Riguardo alle terapie fisiche, la più conosciuta è indubbiamente la terapia elettroconvulsivante (TEC), denominata impropriamente “elettroshock”. Si tratta di una trattamento di dimostrata efficacia nell’episodio depressivo maggiore, maniacale e misto. Attualmente è principalmente impiegata nei casi di depressione resistente al trattamento farmacologico o in particolari e complessi quadri psicopatologici. L’efficacia terapeutica delle crisi epilettiche spontanee sulla depressione e altri quadri psichiatrici era nota dall’antichità. Pertanto, agli inizi del 20° secolo si è tentato di provocare crisi epilettiche con l’insulinoterapia (“coma insulinico”, assai rischioso), con farmaci (cardiazol) che però non erano prevedibili, infine, nel 1938 Ugo Cerletti inventò la TEC insieme a Lucio Bini.
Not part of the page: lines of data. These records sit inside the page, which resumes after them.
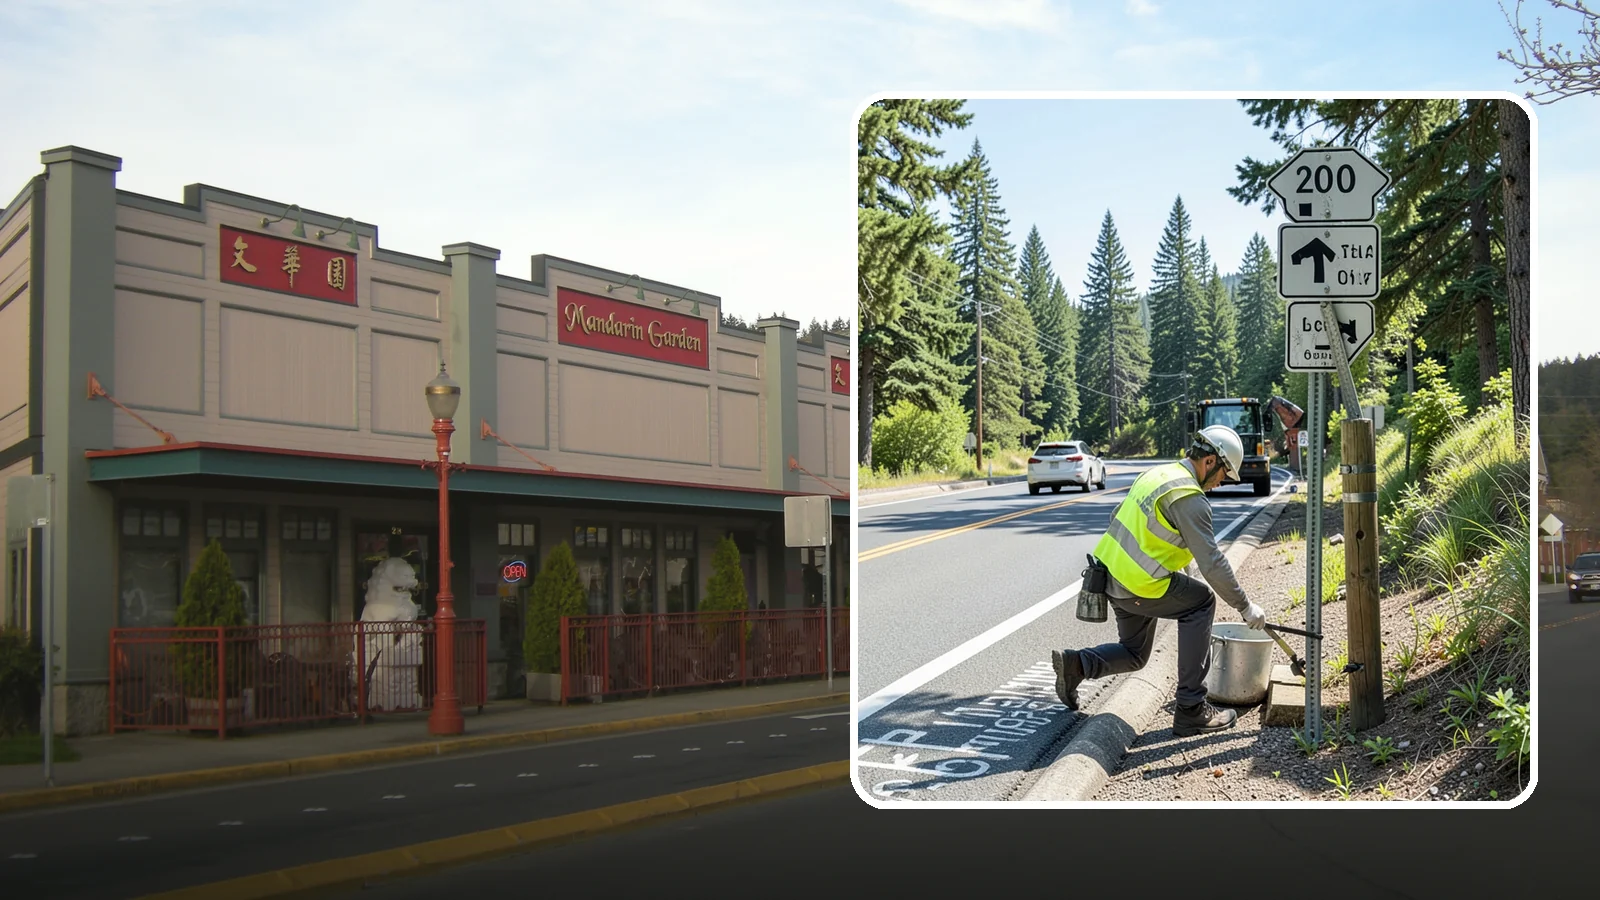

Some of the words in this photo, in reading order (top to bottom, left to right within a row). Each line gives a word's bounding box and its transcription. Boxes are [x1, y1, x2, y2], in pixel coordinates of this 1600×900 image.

[1296, 164, 1356, 194] 200
[231, 236, 346, 291] 文華園
[565, 302, 643, 341] Mandarin
[648, 320, 701, 352] Garden
[503, 565, 526, 578] OPEN
In cosa consiste il trattamento TEC?
In sostanza si procura una crisi epilettica generalizzata attraverso il passaggio di una corrente elettrica tramite due elettrodi posizionati a livello temporale bilaterale. Il trattamento viene ripetuto mediamente 2 volte a settimana per raggiungere 6-12 applicazioni complessive e si effettua in regime di Day-Hospital o di ricovero. Attualmente viene praticata in anestesia generale (di breve durata), associata a farmaci rilassanti neuromuscolari e con macchinari computerizzati di ultima generazione. La crisi epilettica può essere riscontrata unicamente con l’elettroencefalogramma poiché il paziente curarizzato non ha le convulsioni.
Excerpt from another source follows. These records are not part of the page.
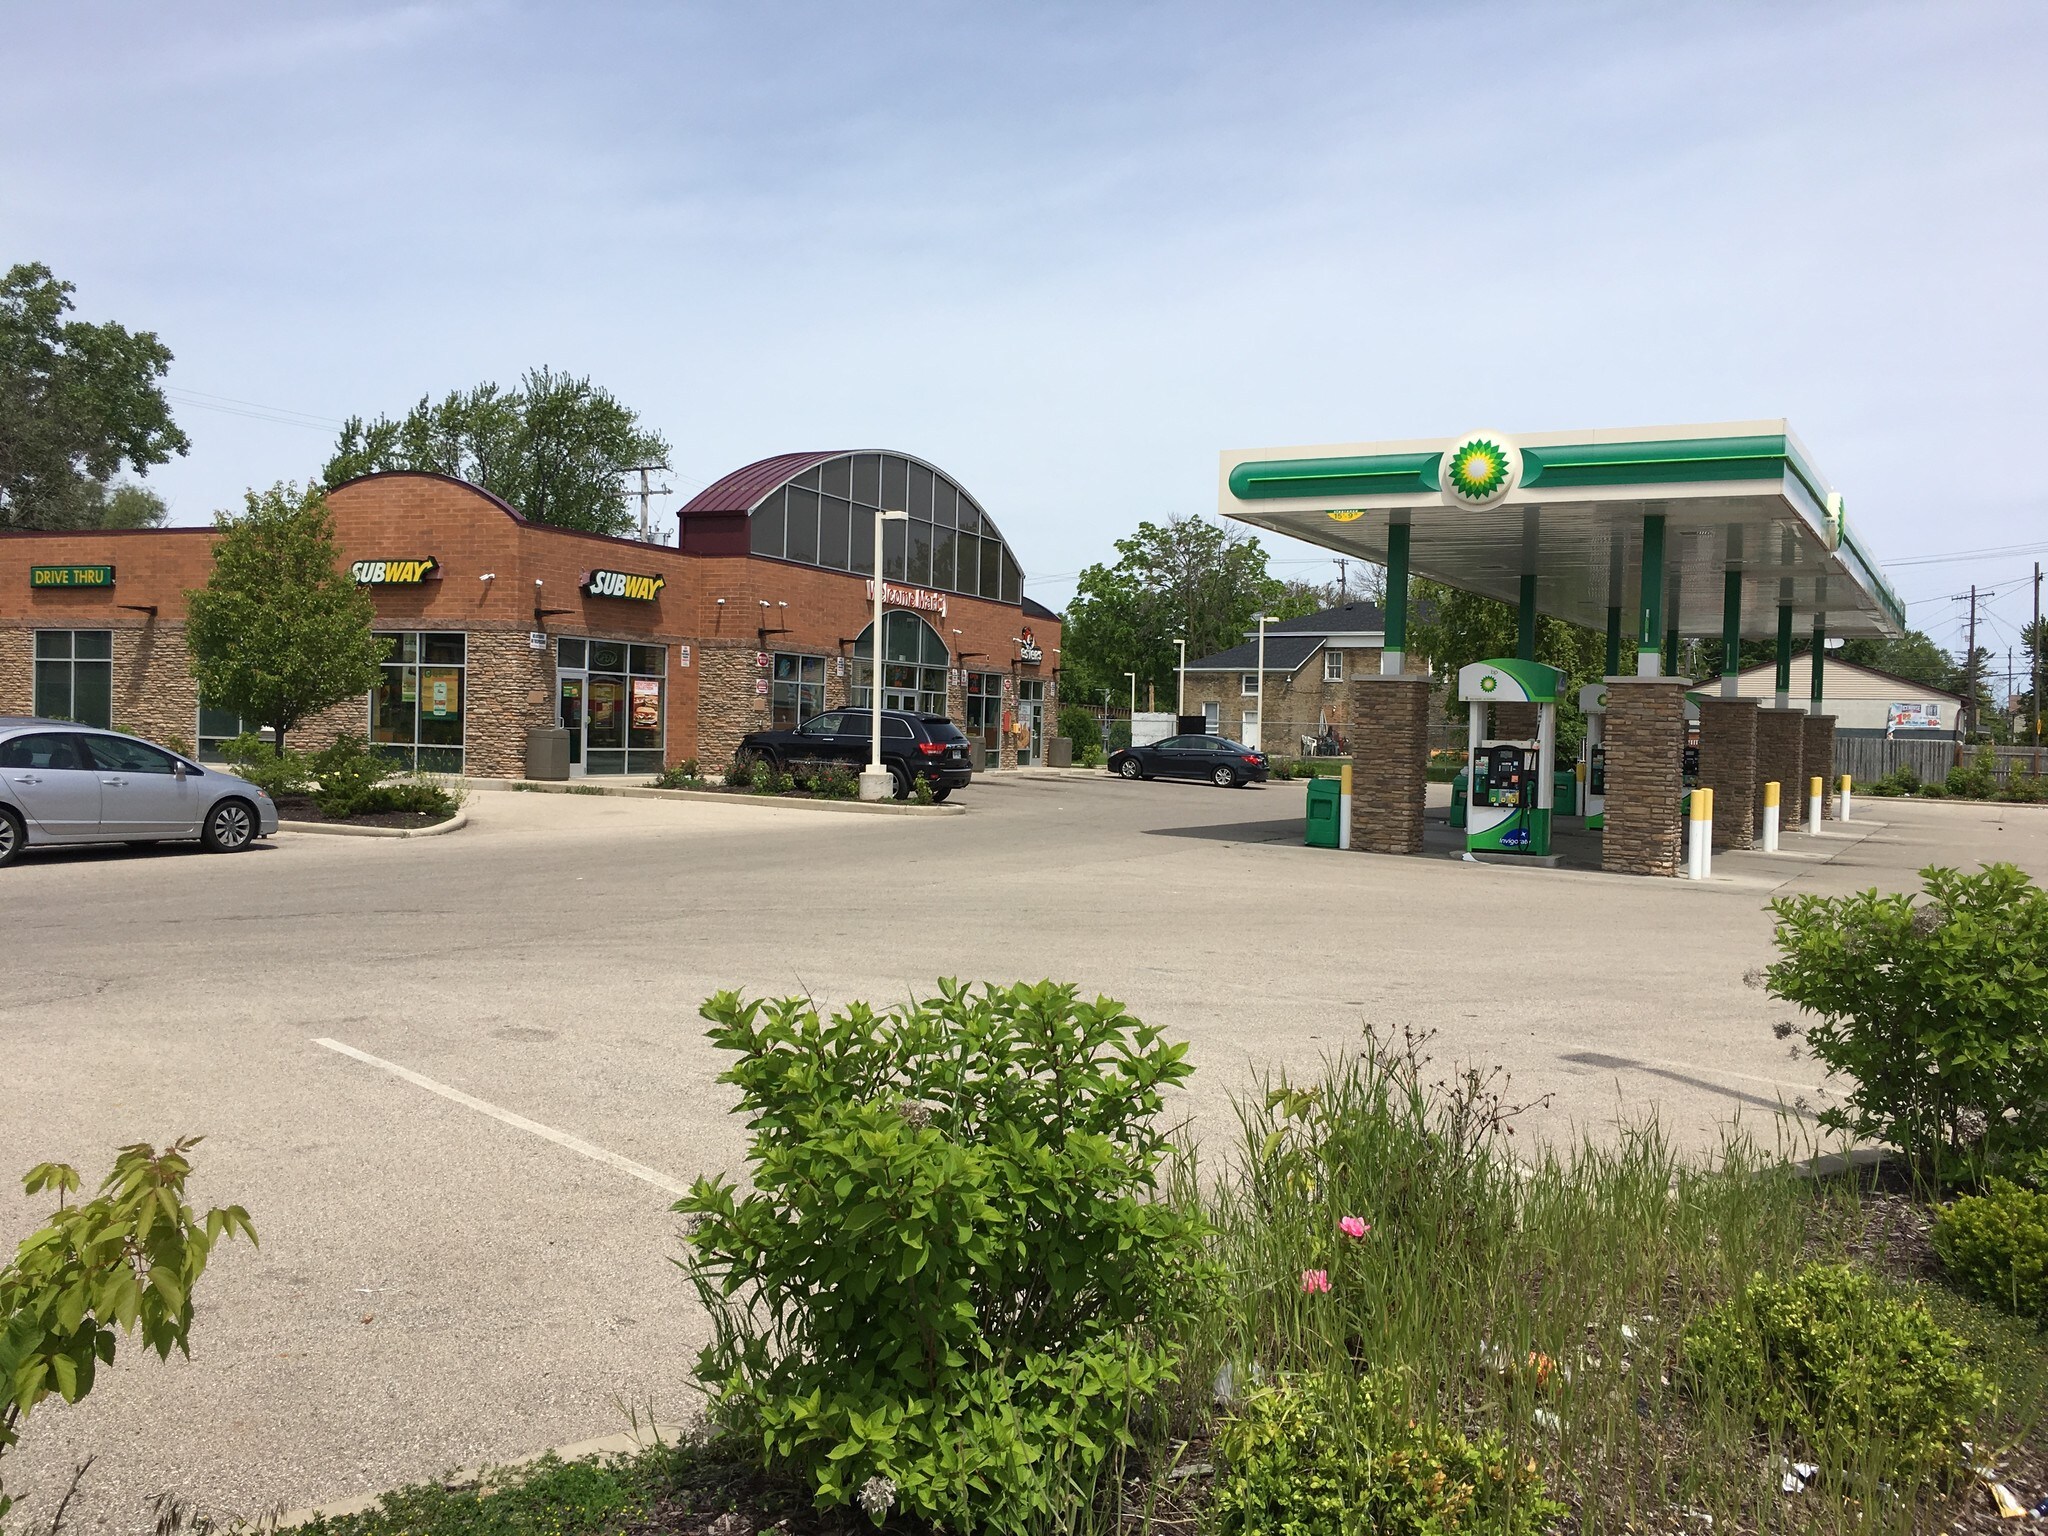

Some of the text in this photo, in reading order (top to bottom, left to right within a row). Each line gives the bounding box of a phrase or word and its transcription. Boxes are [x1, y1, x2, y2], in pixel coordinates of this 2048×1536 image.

[35, 570, 104, 584] DRIVE THRU
[352, 560, 434, 582] SUBWAY
[589, 571, 665, 600] SUBWAY
[865, 580, 916, 608] Wlcome
[1499, 837, 1532, 846] Invigoat
Quali sono le altre terapie “fisiche”?La Light-therapy (terapia luminosa, fototerapia) consiste nell’esporsi per diverse ore al giorno, preferibilmente al mattino, a lampade che simulano l’intensità luminosa solare ed è indicata nelle depressioni ad andamento stagionale (autunno/inverno).Altre terapie fisiche sperimentali e in corso di validazione per la depressione maggiore resistente al trattamento sono la stimolazione magnetica transcranica, la stimolazione cerebrale profonda (Deep Brain Stimulation), la stimolazione transcranica in corrente continua e la stimolazione del nervo vago.
Note biografiche
Il Dr. Luca Maggi è nato il 22/04/67 a Viareggio (LU), si è laureato in Medicina e Chirurgia presso Università di Pisa nel 1993, nel 1999 ha acquisito la Specializzazione in Psichiatria e nel 2005 il Dottorato di Ricerca in Neuropsicofarmacologia clinica presso la medesima Università. Ha svolto diversi contratti libero-professionali presso la Clinica Psichiatrica di Pisa come: a) Direttore Medico di una studio multicentrico internazionale finanziato dal NIH, dal 2003 al 2008, b) consulente psichiatra interdipartimentale, dal 2002 al 2009, c) supporto all’attività intramuraria in regime di ricovero del prof. G.B. Cassano, dal 2003 al 2005. In ambito accademico è stato coordinatore e tutor del master universitario di II livello in “Psicoterapia integrata ad orientamento interpersonale” dal 2007 al 2011. E’ co-autore di diverse pubblicazioni scientifiche su riviste nazionali e internazionali. Attualmente ricopre l’incarico di Direttore Sanitario presso la struttura terapeutico-riabilitativa per disturbi dell’alimentazione “Villamare” a Lido di Camaiore (LU).